Retype the entries below exactly, but begin at the line containing "Some of the words" and end at the last line.

"""

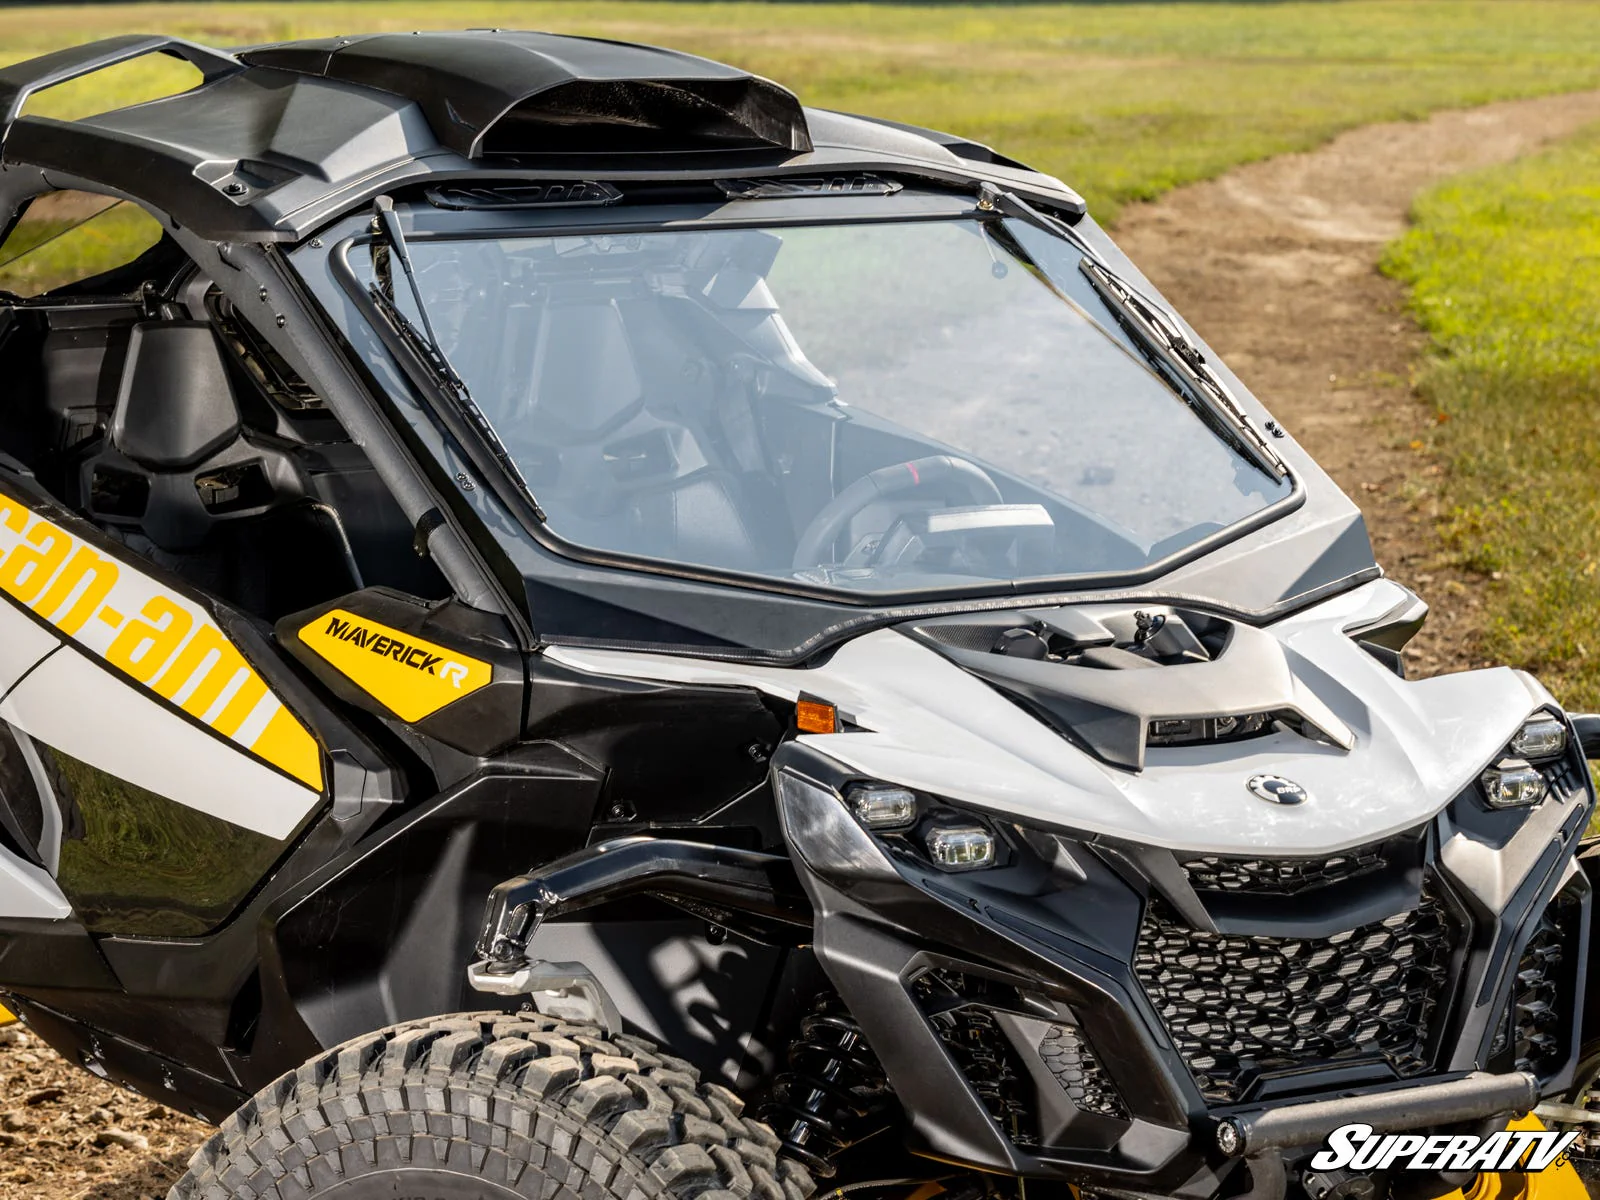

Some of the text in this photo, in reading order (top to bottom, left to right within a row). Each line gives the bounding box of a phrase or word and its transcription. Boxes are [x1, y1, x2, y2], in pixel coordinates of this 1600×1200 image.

[325, 617, 469, 689] MAVERICK R
[1276, 786, 1301, 794] BRP
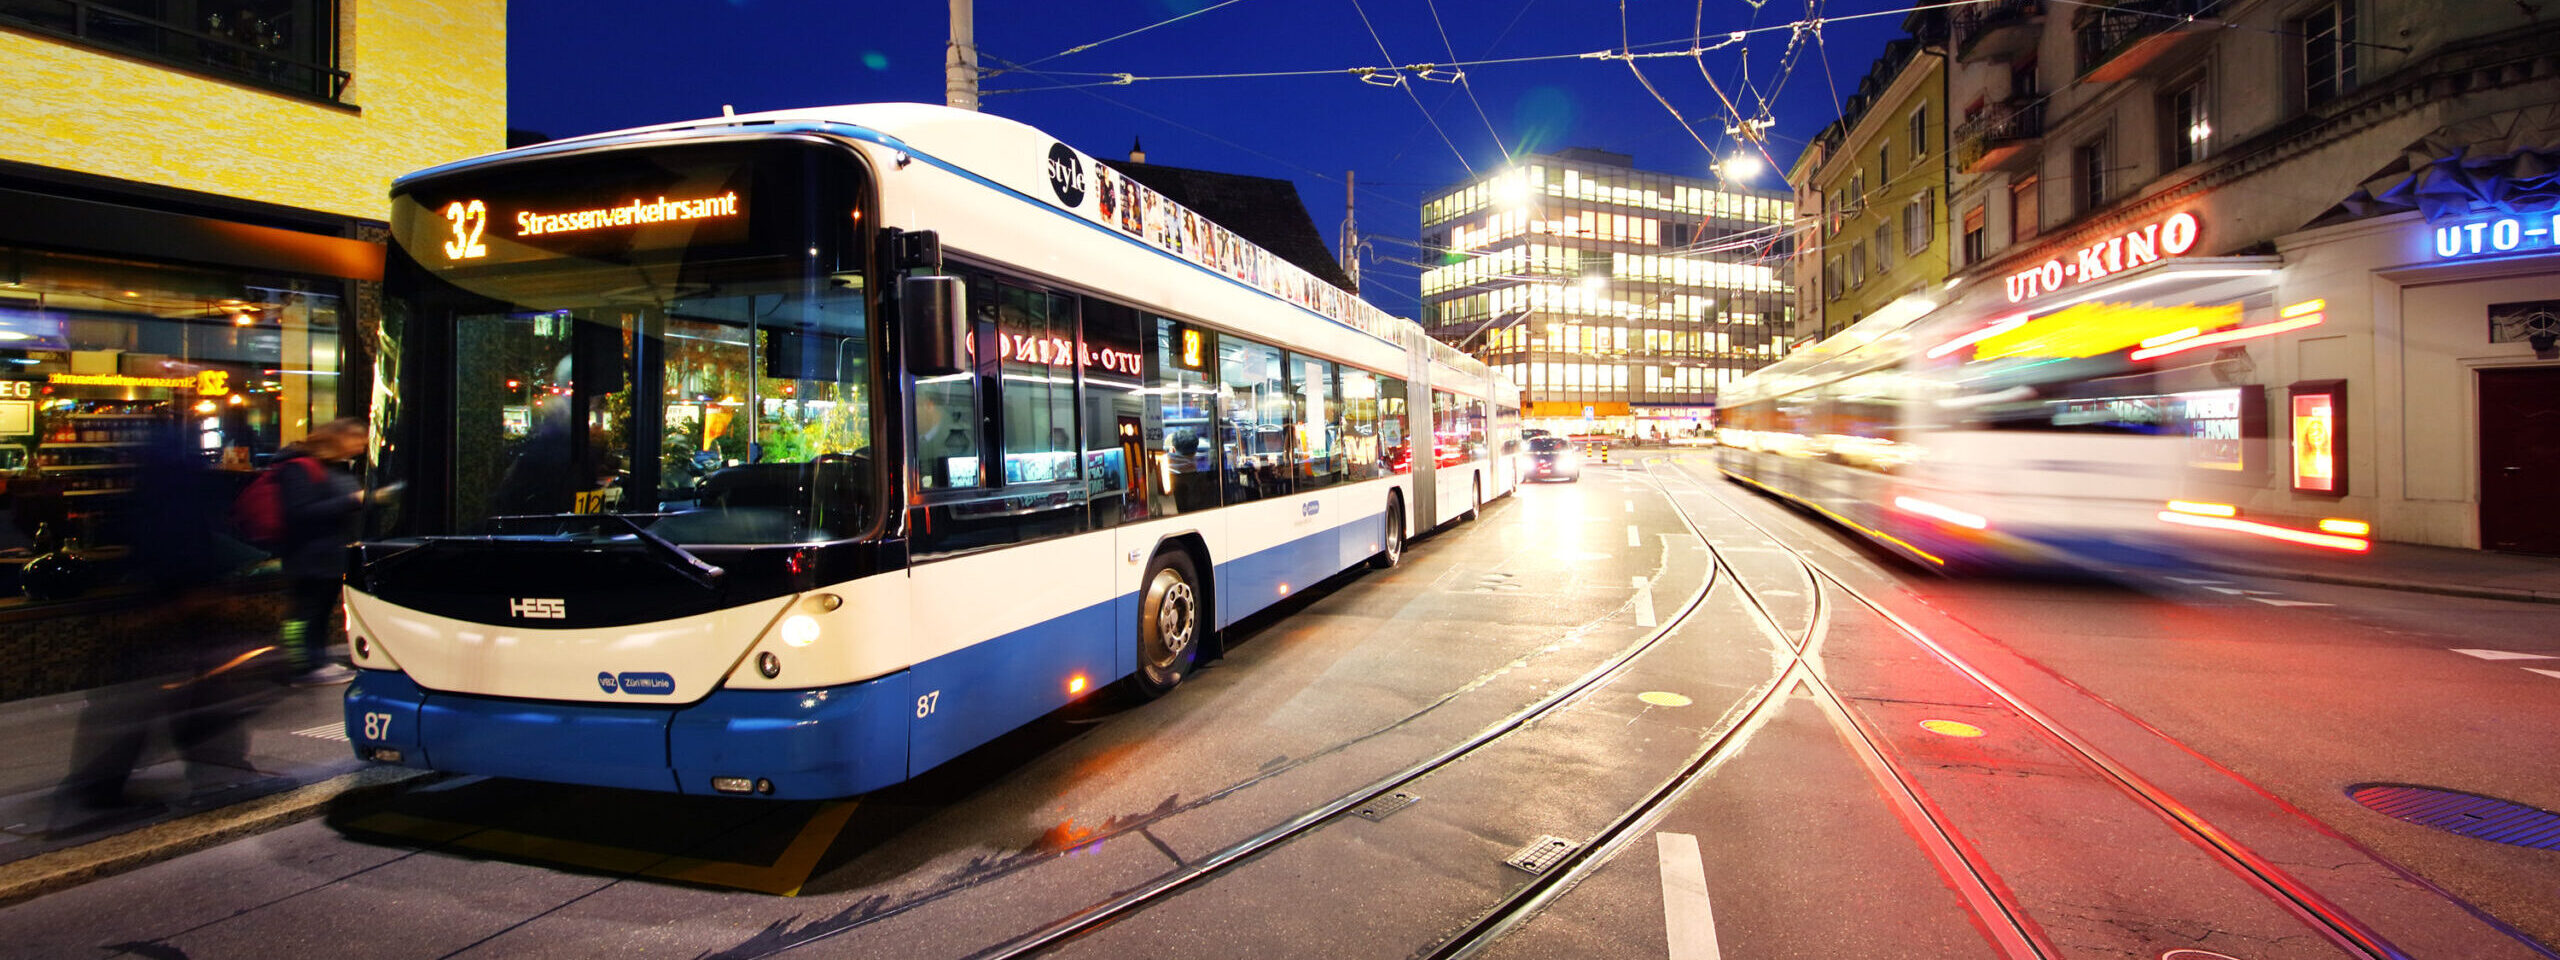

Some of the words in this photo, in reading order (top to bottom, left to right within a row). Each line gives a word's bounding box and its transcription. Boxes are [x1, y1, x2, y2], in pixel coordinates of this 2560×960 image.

[1048, 157, 1085, 194] style
[444, 200, 486, 260] 32
[517, 192, 737, 236] Strassenverkehrsamt
[510, 598, 566, 619] HESS
[600, 678, 616, 687] VBZ
[651, 679, 670, 688] Linie
[916, 690, 940, 719] 87
[364, 711, 392, 740] 87

"""

— Exercise answer —
Some of the words in this photo, in reading order (top to bottom, left to right within a row). Each line gives a word's bounding box and its transcription. Boxes are [x1, y1, x2, y2], in pixel coordinates of this 2560×960 image.

[1048, 157, 1085, 194] style
[444, 200, 486, 260] 32
[517, 192, 737, 236] Strassenverkehrsamt
[510, 598, 566, 619] HESS
[600, 678, 616, 687] VBZ
[651, 679, 670, 688] Linie
[916, 690, 940, 719] 87
[364, 711, 392, 740] 87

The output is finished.